- Pénétrez dans l'univers de Sense8 sur Netflix
Parce que leurs films étaient des séries !
De toute évidence, Matrix était un film majeur qui avait bien plus de choses à dire que ses deux heures et quinze minutes originelles ne le permettaient. Grâce à son succès phénoménal, il a pu se transformer en une saga composée de deux autres volets (Matrix Reloaded & Matrix Revolutions) et de jeux vidéos dérivés.
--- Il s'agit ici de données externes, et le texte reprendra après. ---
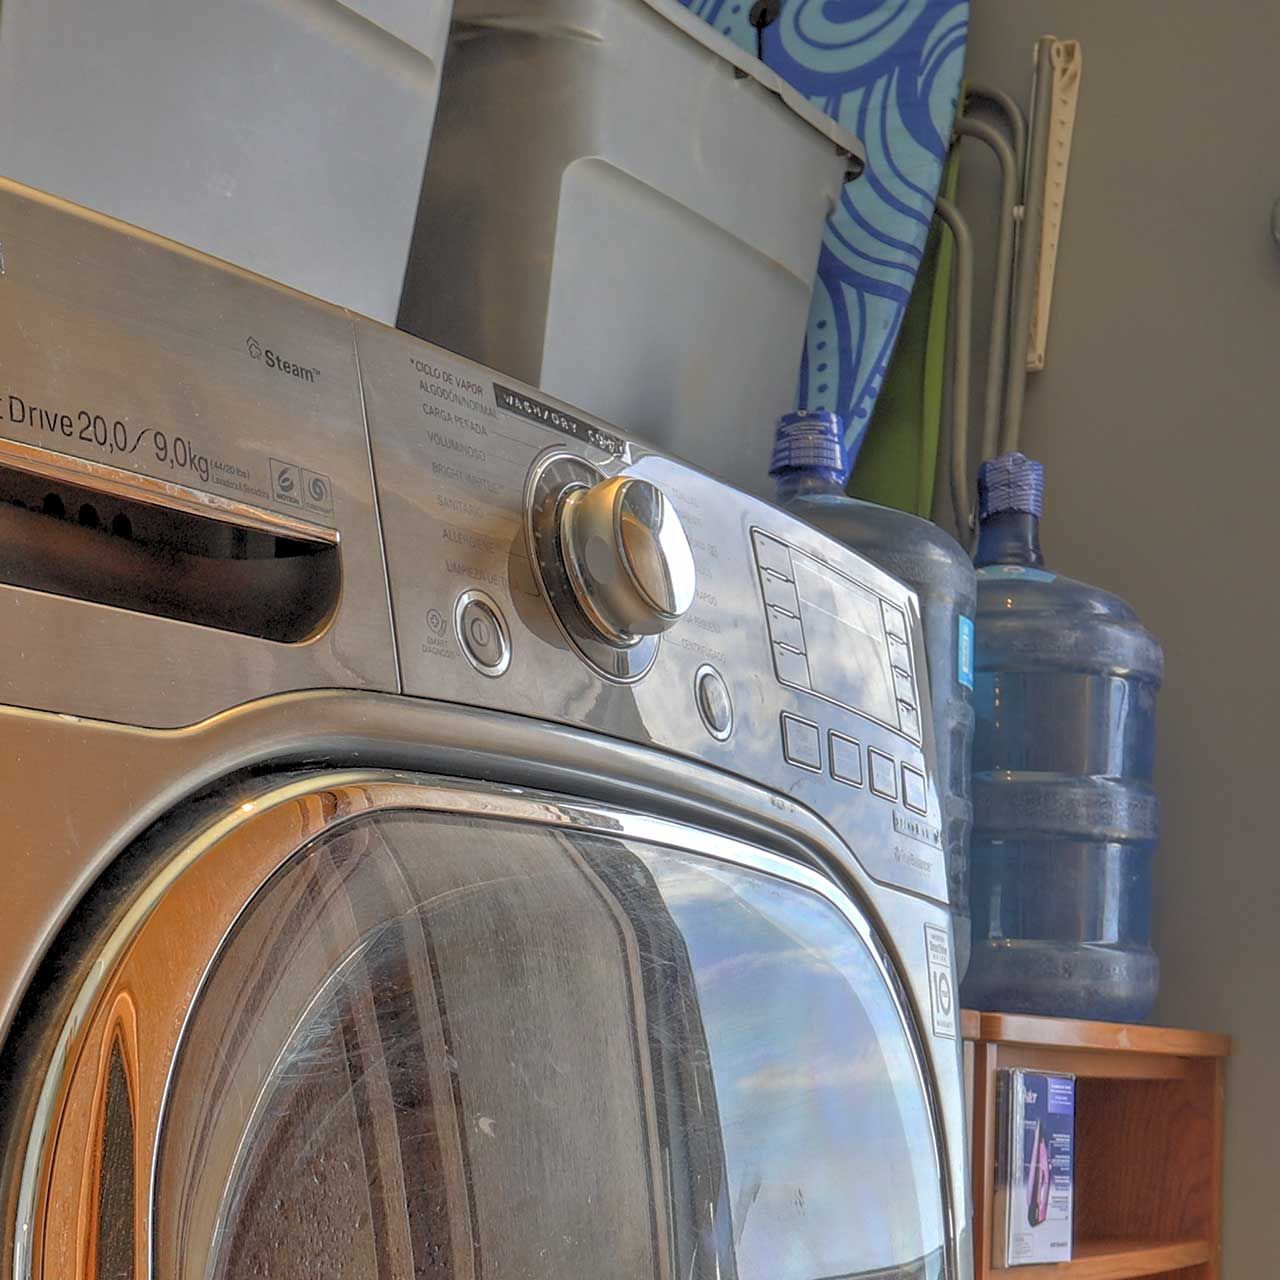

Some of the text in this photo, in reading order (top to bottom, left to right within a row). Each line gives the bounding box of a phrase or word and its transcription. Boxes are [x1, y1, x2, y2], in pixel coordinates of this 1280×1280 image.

[441, 370, 454, 385] DE
[454, 377, 484, 398] VAPOR
[8, 395, 74, 437] Drive
[422, 402, 454, 425] CARGA
[426, 430, 487, 462] VOLUMINOSO
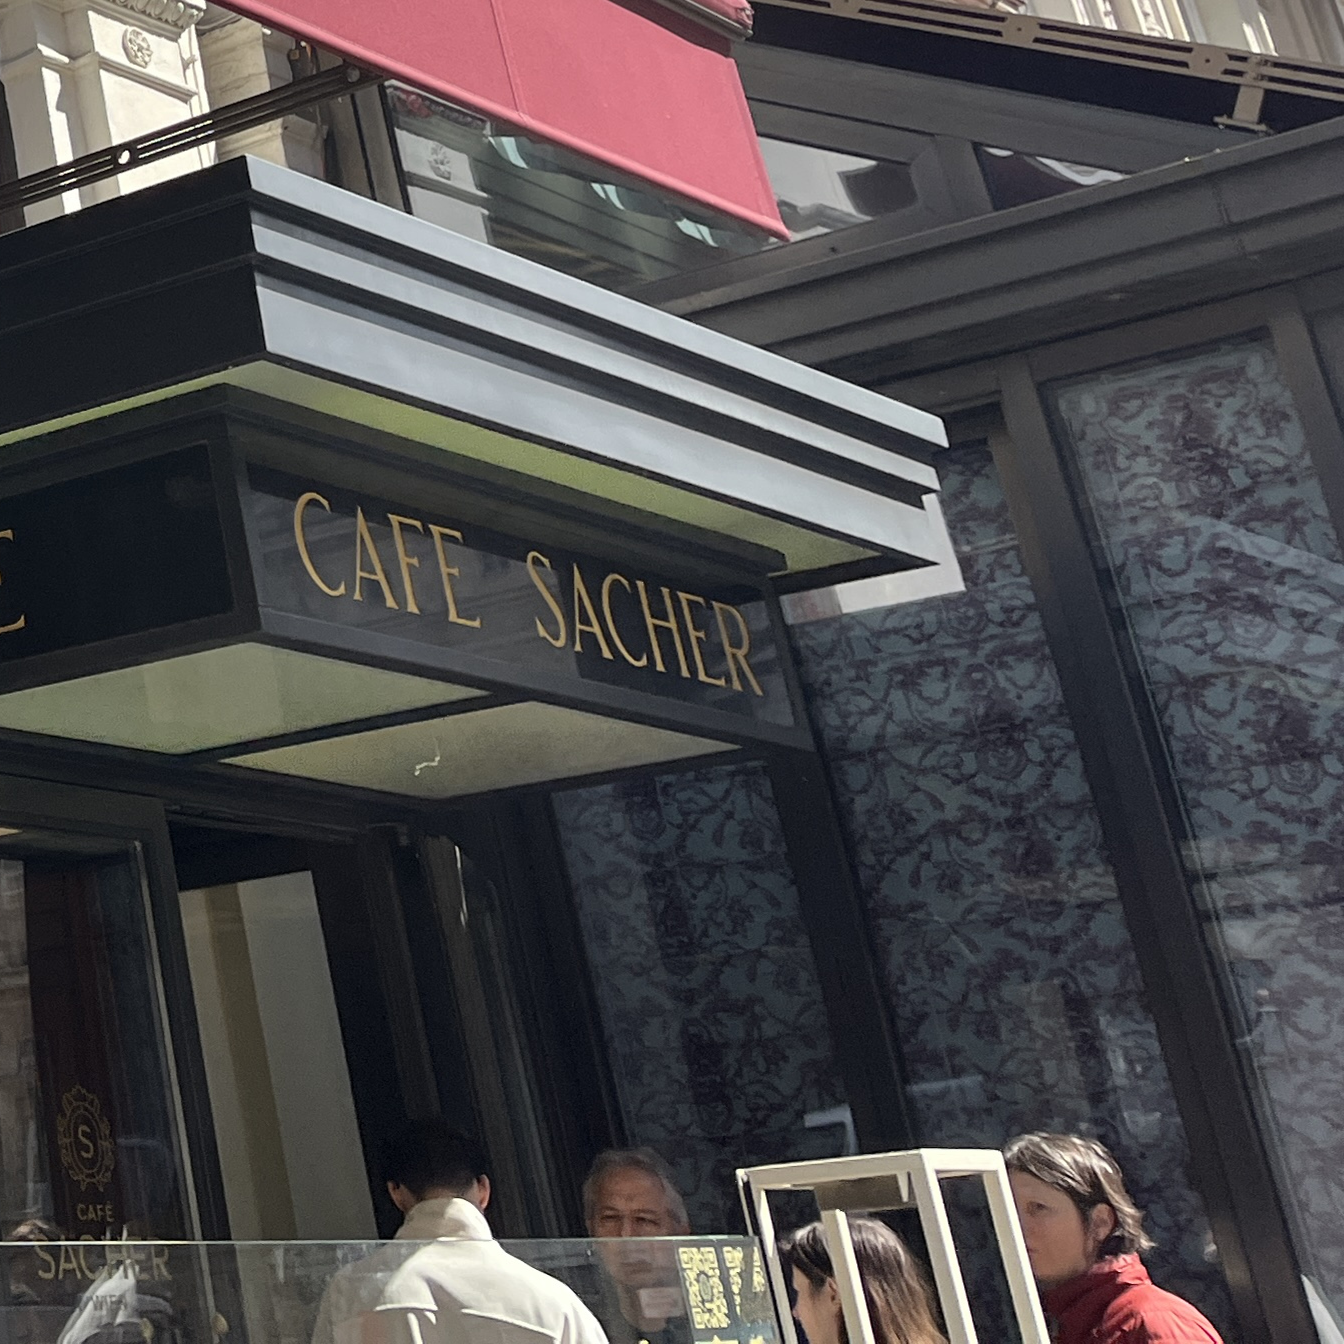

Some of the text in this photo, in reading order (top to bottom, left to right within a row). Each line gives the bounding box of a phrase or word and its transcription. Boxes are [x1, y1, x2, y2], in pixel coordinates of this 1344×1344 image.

[293, 492, 763, 696] CAFE SACHER
[78, 1126, 94, 1159] S
[33, 1233, 172, 1280] SACHER
Déjà là, il y avait l'idée de série, d'histoires et de personnages à suivre sur la longueur.
Avec Cloud Atlas en 2012, les Wachoswki sont allés encore plus loin en proposant un film de deux heures et quarante-cinq minutes au concept ultra complexe basé sur le "tout est lié" où se juxtaposaient les univers, les intrigues et les personnages à travers les siècles et les espaces temps. En réalité, ce film était un chaos de séries morcelées qui formaient un tout. Souvenez-vous de toute l'intrigue de l'évasion de la maison de retraite, aussi drôle que rythmée : c'était en quelque sorte une série comique à l'anglaise que l'on aurait pris plaisir à suivre pendant des années. Cloud Atlas aurait sans doute été une meilleure série qu'un "simple" film.
Dans Jupiter Ascending, que l'on pourrait qualifier de "film monde", les Wacho retombent dans leur travers habituel : ils veulent dire trop de choses sur trop de personnages en trop peu de temps. Ambitieux ils sont, ambitieux ils restent en toutes circonstances. Ce long-métrage n'aurait peut-être pas été plus réussi en série, mais prendre leur temps n'aurait sans doute pas été du luxe !
Parce que leur originalité a toute sa place à la télévision
Malgré la mode des reboots, des remakes et des suites de reliques que l'on croyait appartenir au passé qui prend de plus en plus de place sur le petit écran après avoir terrassé le grand, réduisant comme peau de chagrin les blockbusters 100% originaux, il semble toujours y avoir une place importante et une envie des diffuseurs pour proposer des concepts originaux à la télévision, sur le câble ou sur les plateformes de streaming, là où le champ des possibles ne cesse de s'élargir grâce à la multiplication des acteurs.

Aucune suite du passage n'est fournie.